Friday, August 31, 2007 1:48 PM
cmosby
McAfee Avert Labs Blog - Compromised Bank Of India Website!
Compromised Bank Of India Website!
Friday August 31, 2007 at 3:30 am CST
Posted by Nitin Jyoti
Trackback
Our friends from Sunbelt reported the Bank of India website as seriously compromised late last night. The main page of this website had a hidden IFRAME linking to a malicious website hosting multiple exploits. An unsuspecting visitor will end up getting infected if their system is not fully patched.
At McAfee Avert Labs, we come across defacements of Indian websites on a regular basis. This is only the second high profile incident where a popular Indian website was compromised to serve malware. A prior incident took place with the national air carrier’s website AirIndia getting compromised to host malware.
Following is a pictorial representation of how the Bank of India website was found to be linked to malicious sites, this morning (Indian time).

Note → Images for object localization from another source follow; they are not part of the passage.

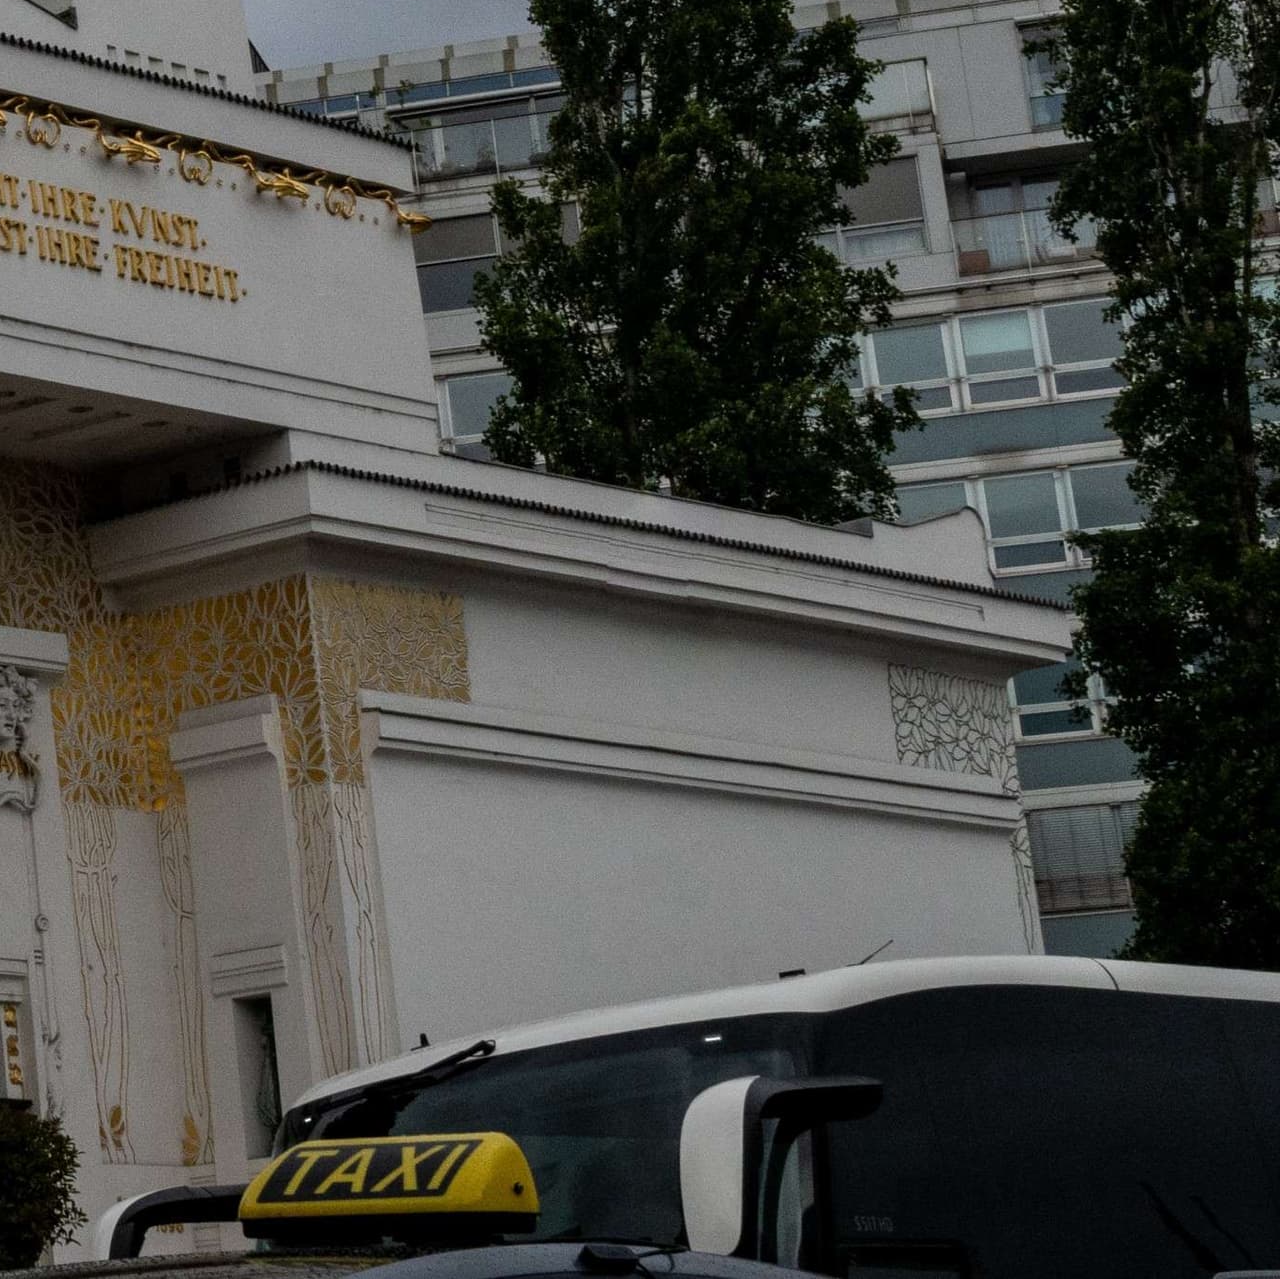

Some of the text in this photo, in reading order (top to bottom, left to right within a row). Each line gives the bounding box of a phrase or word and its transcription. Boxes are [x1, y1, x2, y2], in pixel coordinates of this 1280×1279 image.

[28, 179, 100, 228] IHRE
[36, 225, 102, 272] IHRE
[283, 1143, 471, 1197] TAXI
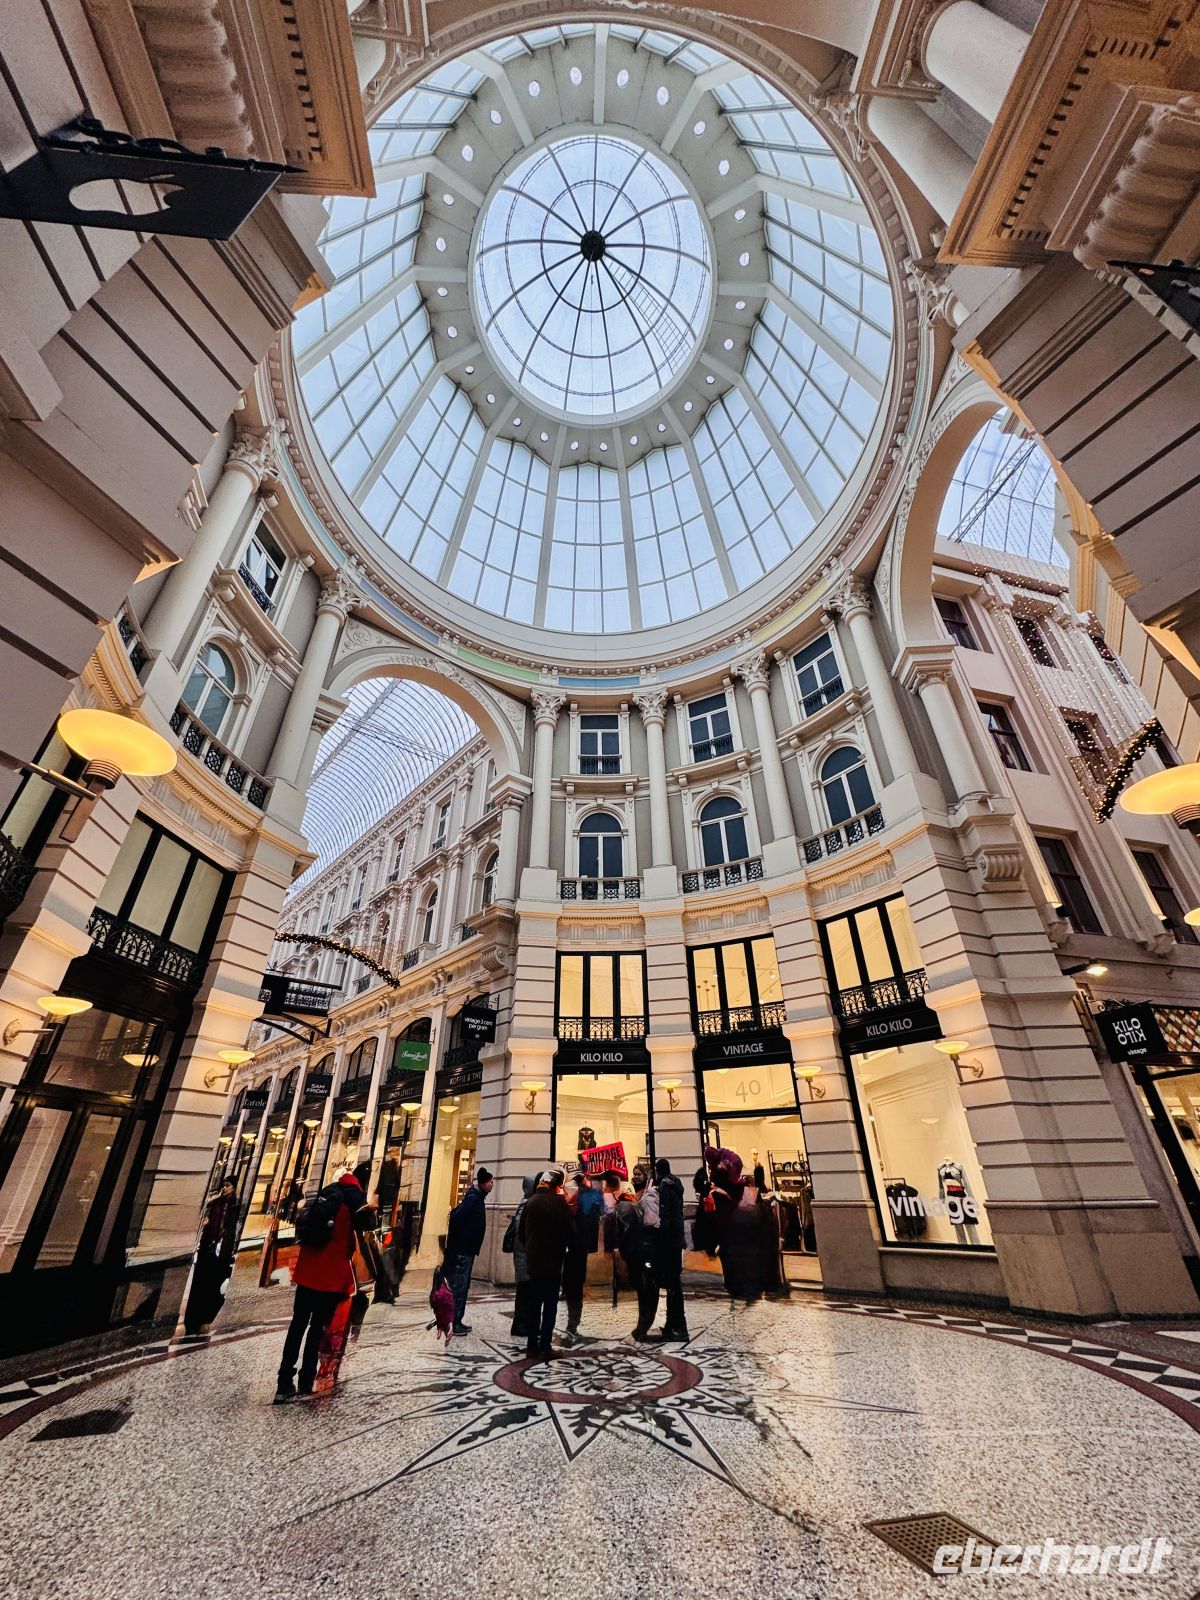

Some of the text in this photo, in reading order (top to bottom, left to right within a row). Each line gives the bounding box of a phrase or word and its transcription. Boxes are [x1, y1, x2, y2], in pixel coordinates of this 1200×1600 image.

[866, 1018, 912, 1037] KILO KILO
[1112, 1017, 1141, 1034] KILO
[580, 1052, 623, 1062] KILO KILO
[722, 1042, 764, 1056] VINTAGE
[735, 1079, 761, 1103] 40
[887, 1190, 980, 1225] vintage
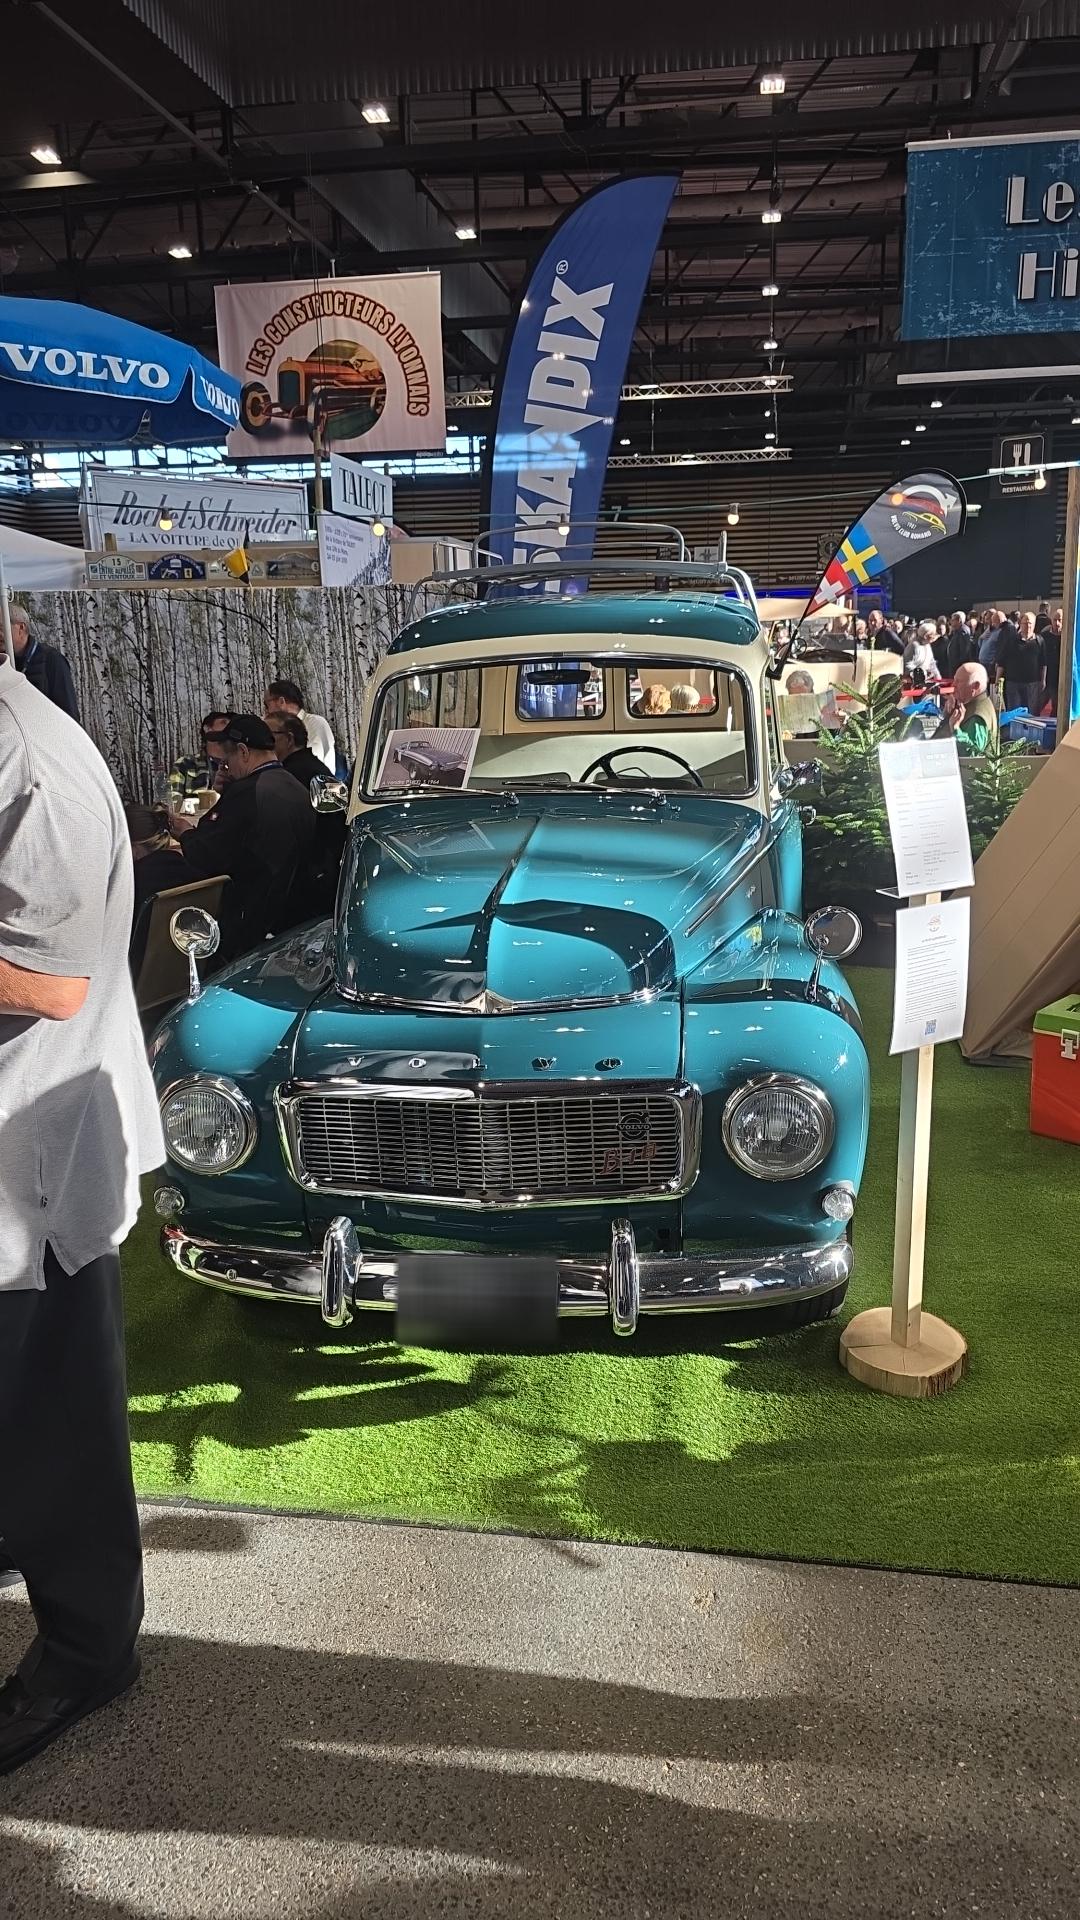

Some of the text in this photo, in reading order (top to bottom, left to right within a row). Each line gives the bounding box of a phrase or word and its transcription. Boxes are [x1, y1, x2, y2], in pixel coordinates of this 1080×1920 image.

[1006, 176, 1080, 224] Le
[0, 342, 170, 389] VOLVO
[245, 290, 430, 417] LES CONSTRUCTEURS LYONNAIS
[200, 375, 240, 420] VOLVO
[512, 276, 614, 593] SKANDIX
[339, 467, 387, 515] TALBOT
[1002, 484, 1040, 493] RESTAURAN
[129, 532, 148, 543] LA
[151, 534, 212, 546] VOITURE
[213, 536, 225, 547] de
[891, 515, 902, 531] VOLVO
[898, 528, 911, 539] CLUB
[112, 558, 121, 566] 15
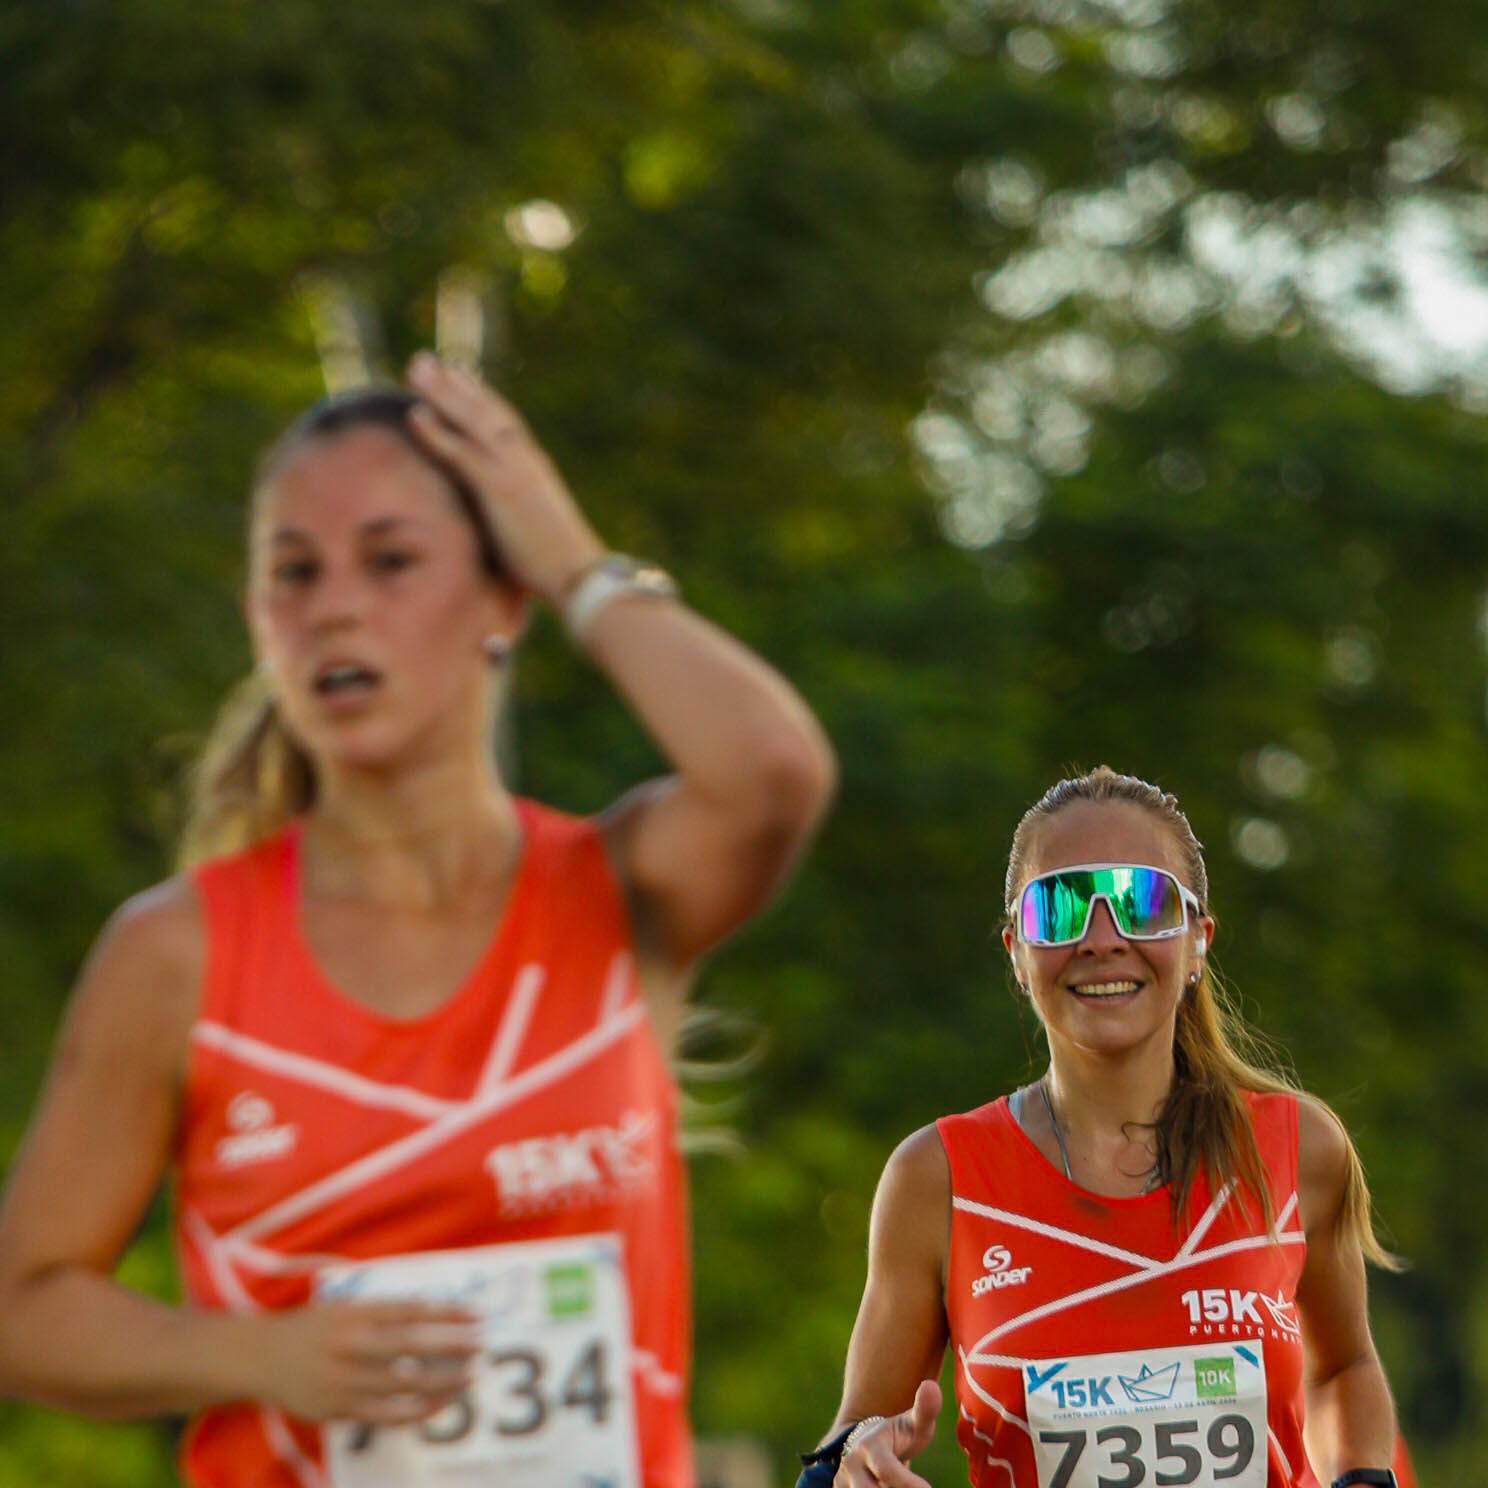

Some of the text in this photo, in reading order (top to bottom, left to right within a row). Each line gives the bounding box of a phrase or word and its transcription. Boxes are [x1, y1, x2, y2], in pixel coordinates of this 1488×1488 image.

[1181, 1288, 1264, 1325] 15K
[1189, 1323, 1265, 1338] PUERTO
[1199, 1368, 1232, 1387] 10K
[1051, 1375, 1115, 1409] 15K

McAfee protects its customers against this threat via script scan. You can read more about this on one of our earlier blogs here. The obfuscated scripts that attempt to exploit users machines are blocked from execution, thereby, nullifying the attack. The script used in this attack was proactively detected as JS/Downloader-AUD.
Following are some of the malware we saw getting downloaded at the time of writing this blog (Credits to Prashanth PR for analysis).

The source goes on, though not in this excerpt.